Goth Darkness Wizards. Like you just got Darkness Magic and are a sneaky gothy person who loves the night and consorts with demons and poo poo. Stealth buffs, see in the dark, shoot Dark Lasers, teleport through shadows, make illusions in the shadows, and summon demons. Nothing bad, nothing interesting, just… exactly what you think about when you hear “Darkness Wizard”.


Right so, Logovores are people who can survive by eating knowledge, no other food needed. The problem is that when they eat it it’s… gone. Like, they can “eat” a book and it’s blank now, they can eat your thoughts and you literally have a brain-blank and stop thinking while they’re doing it. They can eat memories and you forget them. IT explicitly states that they’re discriminated against and generally try and hide what they are, because… well duh. Nothing about this seems redeemable. Not blatantly evil, but just, unbeneficial to others in every way. So yeah they can have perfect memories, eat memories and thoughts and books to learn them instantly, etc. Feed Upon Mind lets you straight eat someone’s entire mind and leave them a zombie in exchange for… know ing three things they know. What an rear end in a top hat move.
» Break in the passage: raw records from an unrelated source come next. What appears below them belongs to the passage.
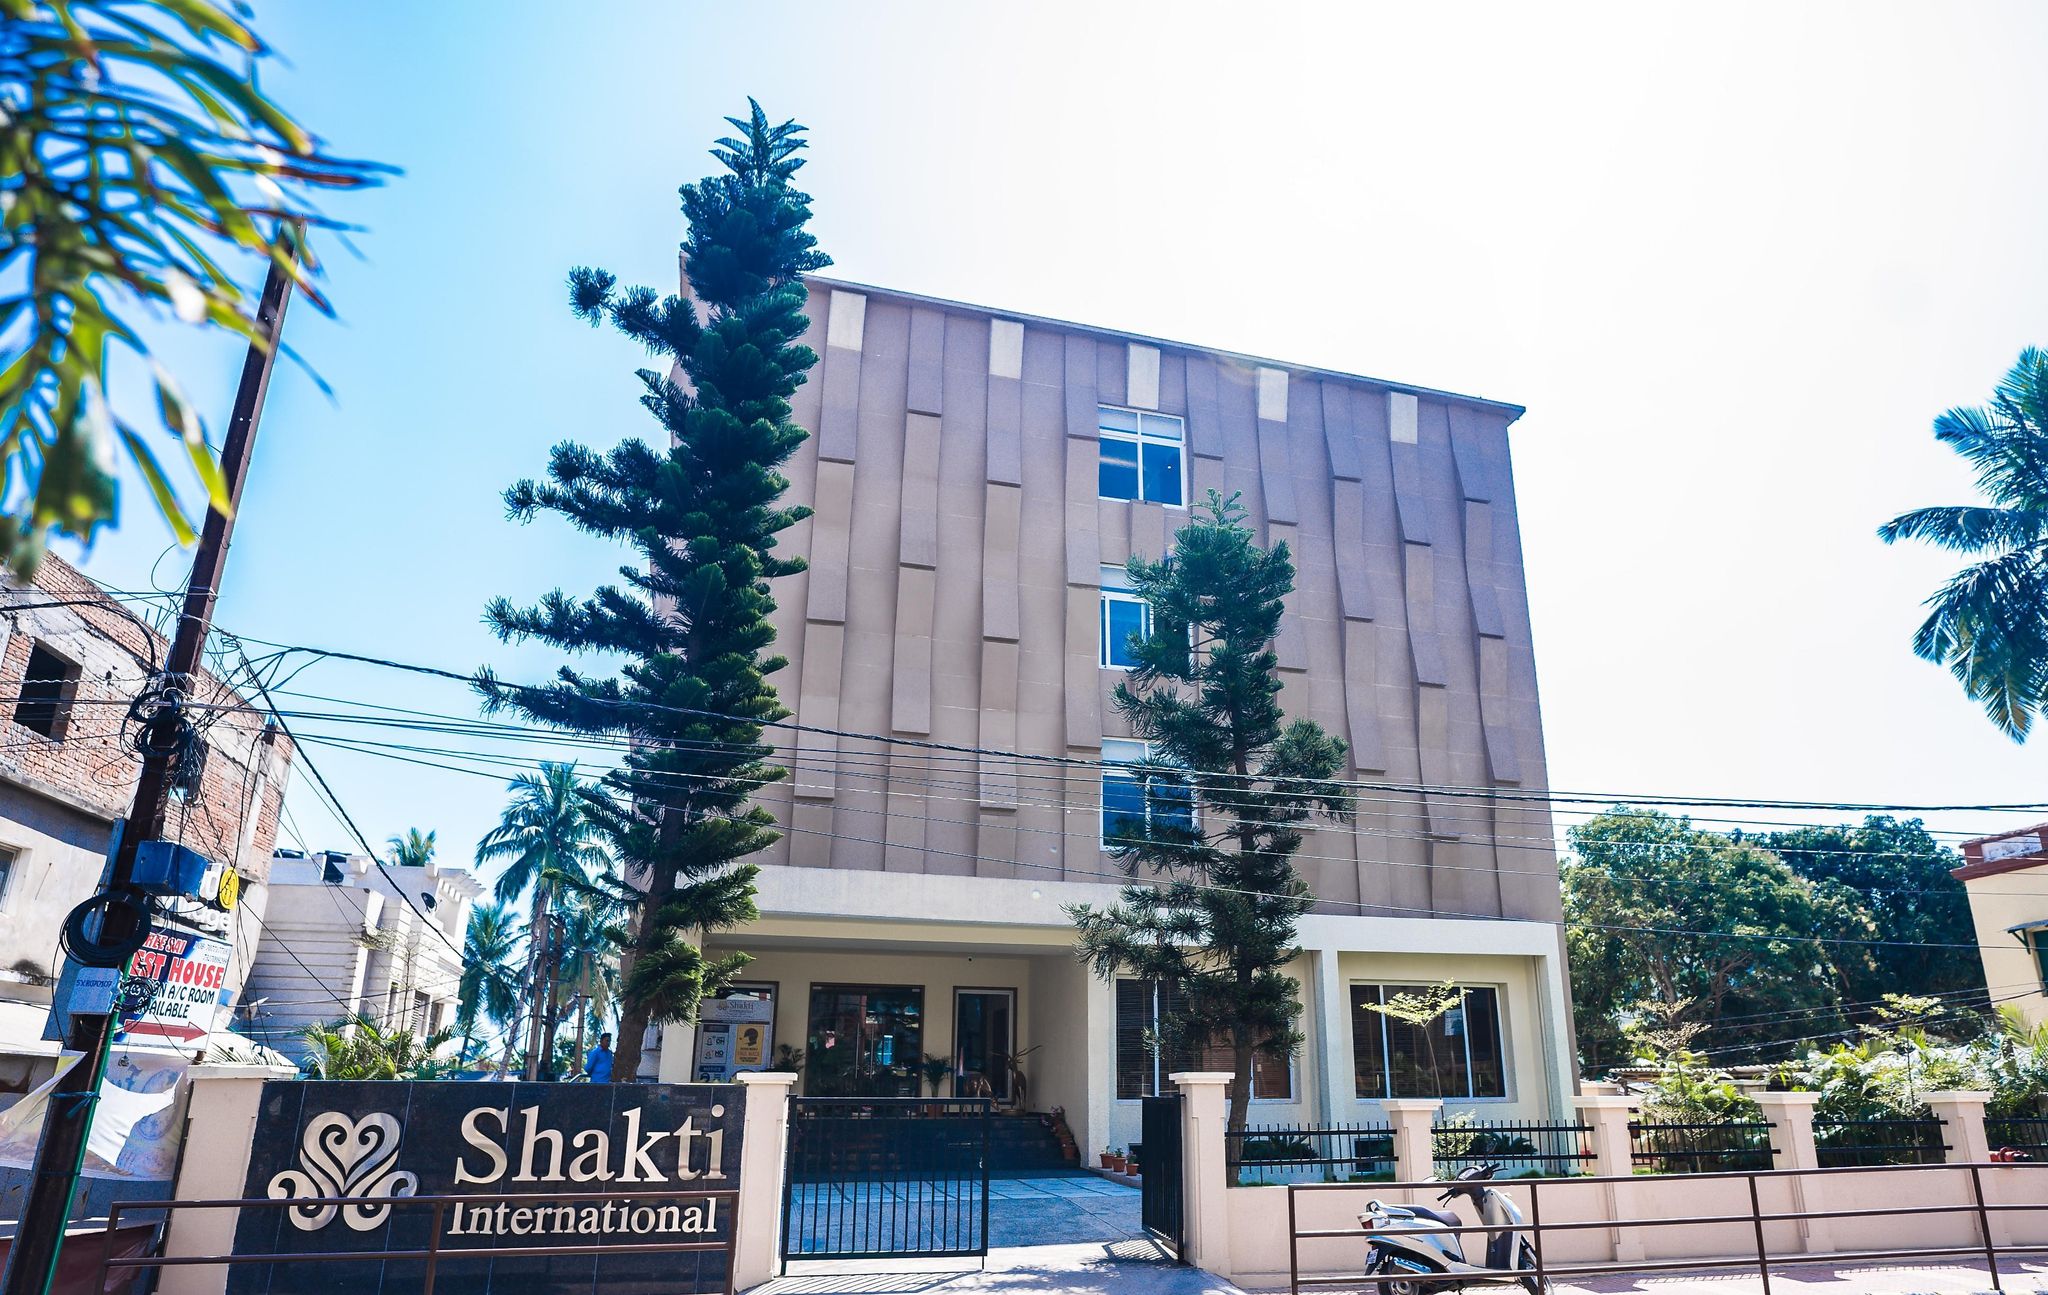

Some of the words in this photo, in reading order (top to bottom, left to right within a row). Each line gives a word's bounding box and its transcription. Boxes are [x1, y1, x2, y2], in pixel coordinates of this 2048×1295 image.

[129, 949, 167, 979] EST
[167, 957, 225, 989] HOUSE
[149, 1000, 190, 1019] AILABLE
[167, 985, 187, 1001] A/C
[187, 986, 215, 1005] ROOM
[454, 1104, 727, 1185] Shakti
[446, 1197, 718, 1235] International
So, the Noosphere is… I don’t know if it’s a literal physical place but it’s just a fancy term for the universal unconscious. It’s like the psychic network of all minds. Oh, wait, it’s the Astral Plane. People with this forte can astral project into the mind-zone.

This lets you find people through it, use telepathy and other psychic type abilities, mess with people's minds through the noosphere, remove view through them, and at the highest tier you can become a permanent mind-ghost that only exists there but can temporarily manifest a physical body. So… I actually like this one. It’s flavorful, useful, gives you more than just “psychic powers”, and I actually like the becoming a thoughtform stuff.
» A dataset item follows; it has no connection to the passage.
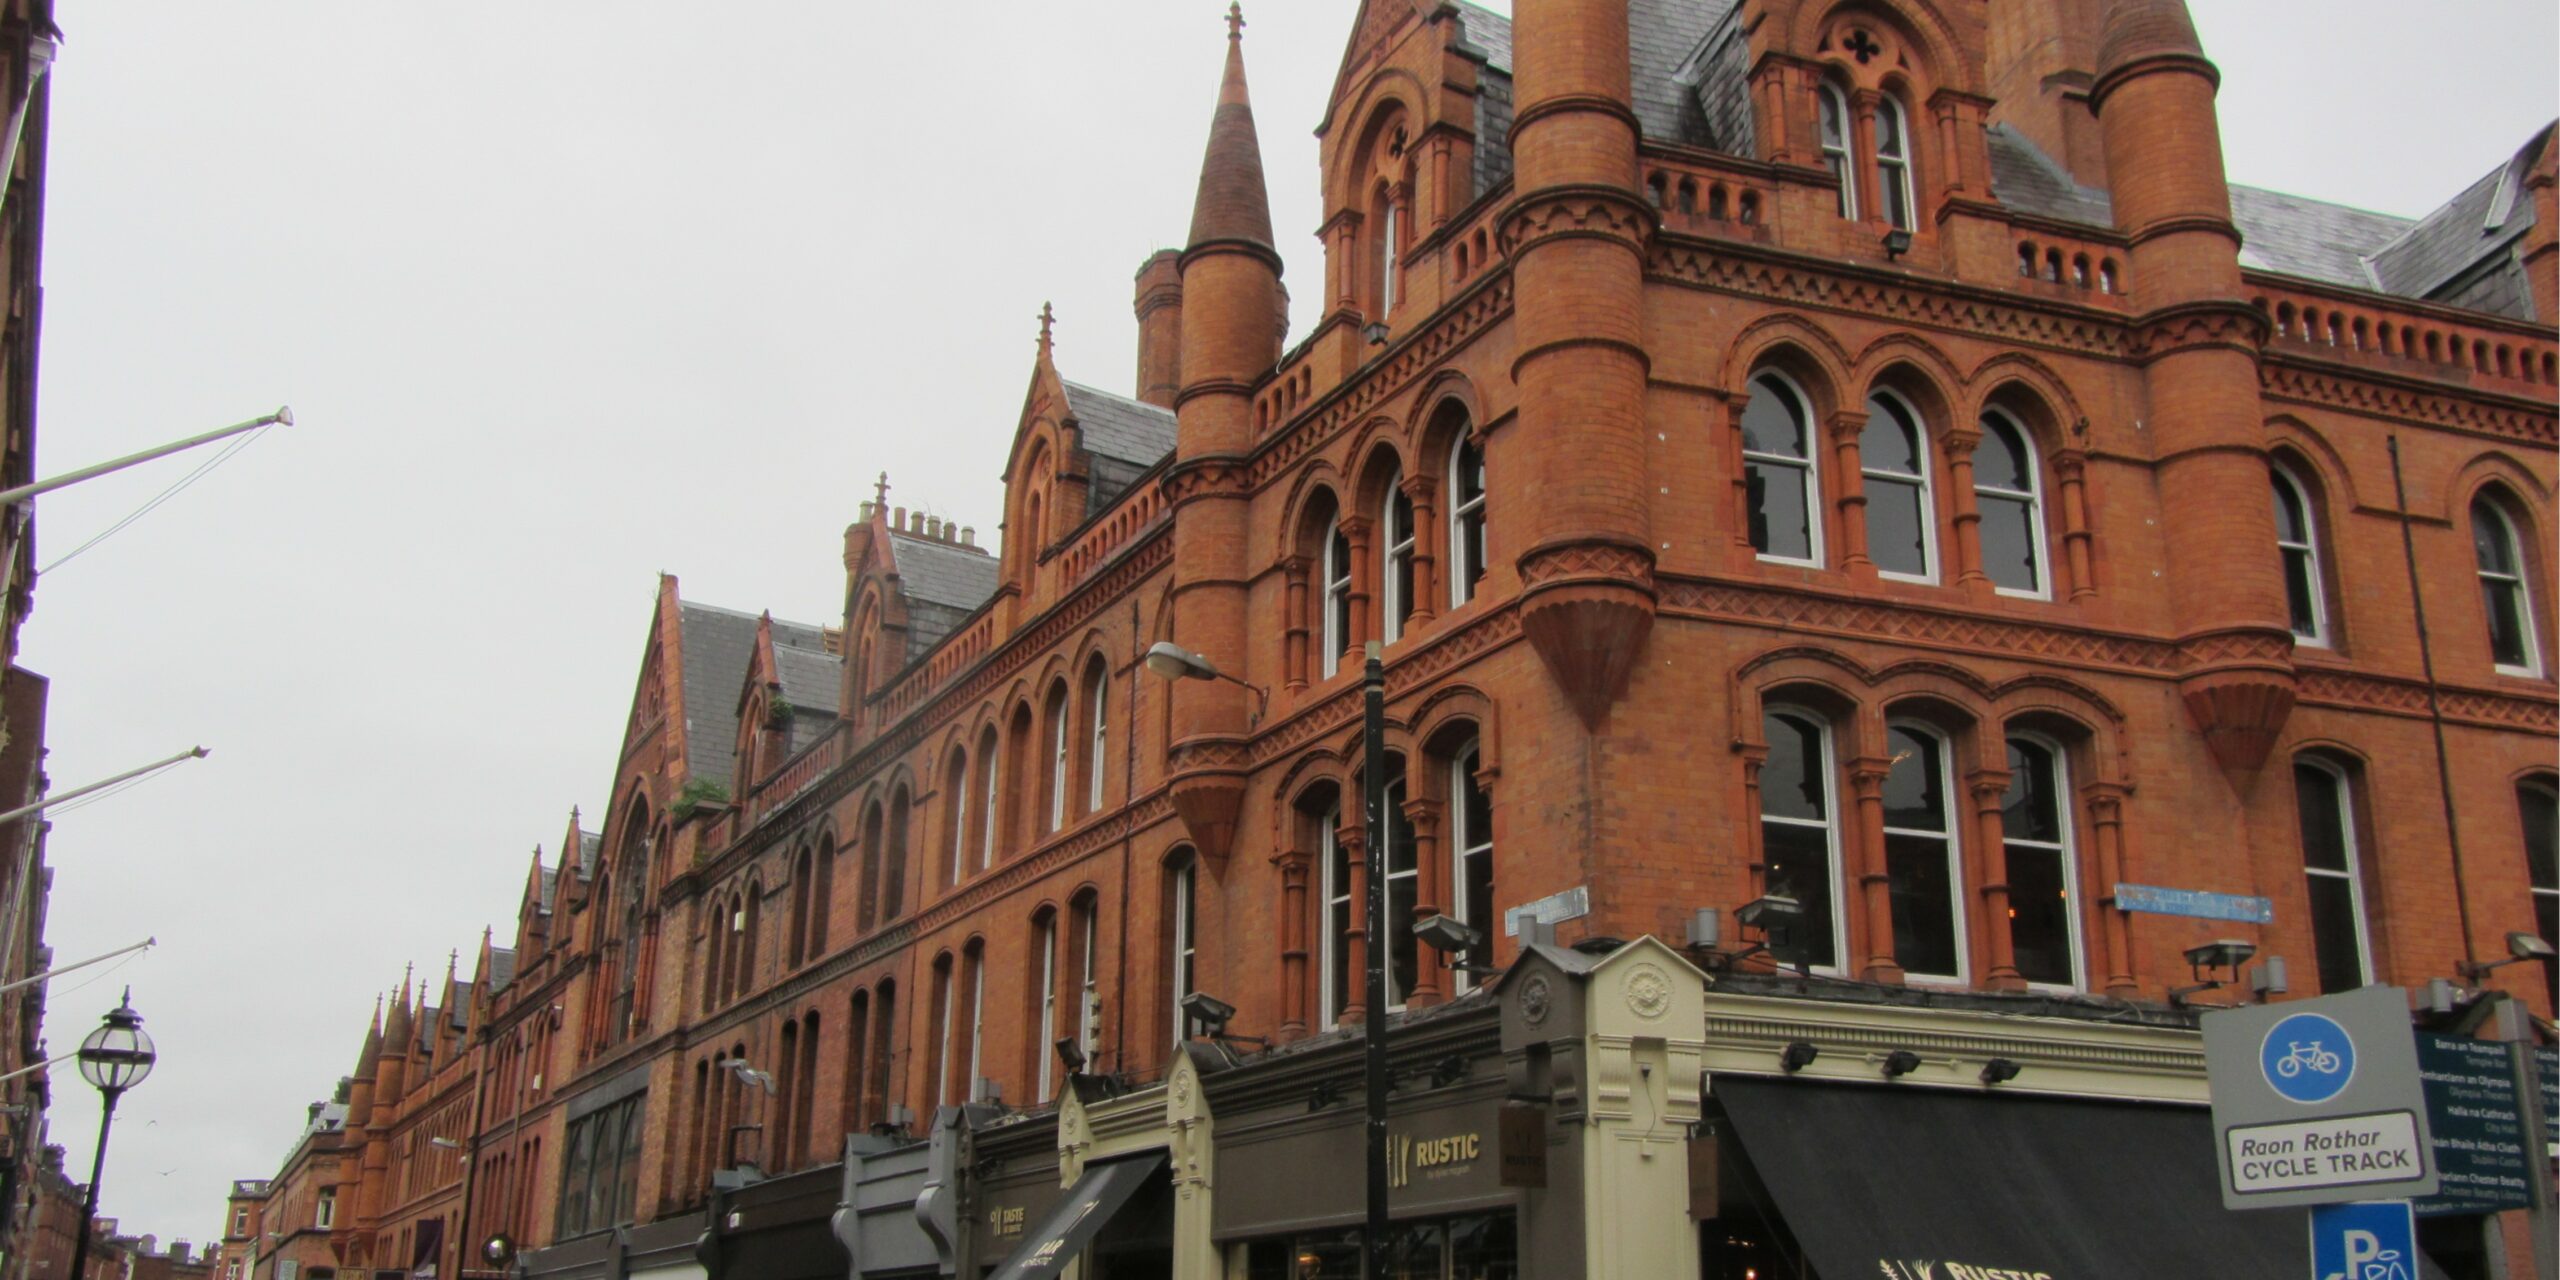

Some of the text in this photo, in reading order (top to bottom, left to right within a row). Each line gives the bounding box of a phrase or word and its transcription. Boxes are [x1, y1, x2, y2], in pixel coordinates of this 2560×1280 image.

This one is just stupid. Conceptually and mechanically. You punch people with nightmares. Like, you punch them, and you shoot Spoops into their brains. You have horrible nightmares all the time, and channel them into magicak fistfighting that traumatized people’s minds. Mostly this is just… you can punch gooder. More damage, more accurate attacks, better defense, some combat debuffs like stuns and blinds, there’s even a “You can smash stuff gooder” ability. This entire Forte can just be reflavored to totally mundane martial arts with no issues at all, the “fear” effects are completely tertiary.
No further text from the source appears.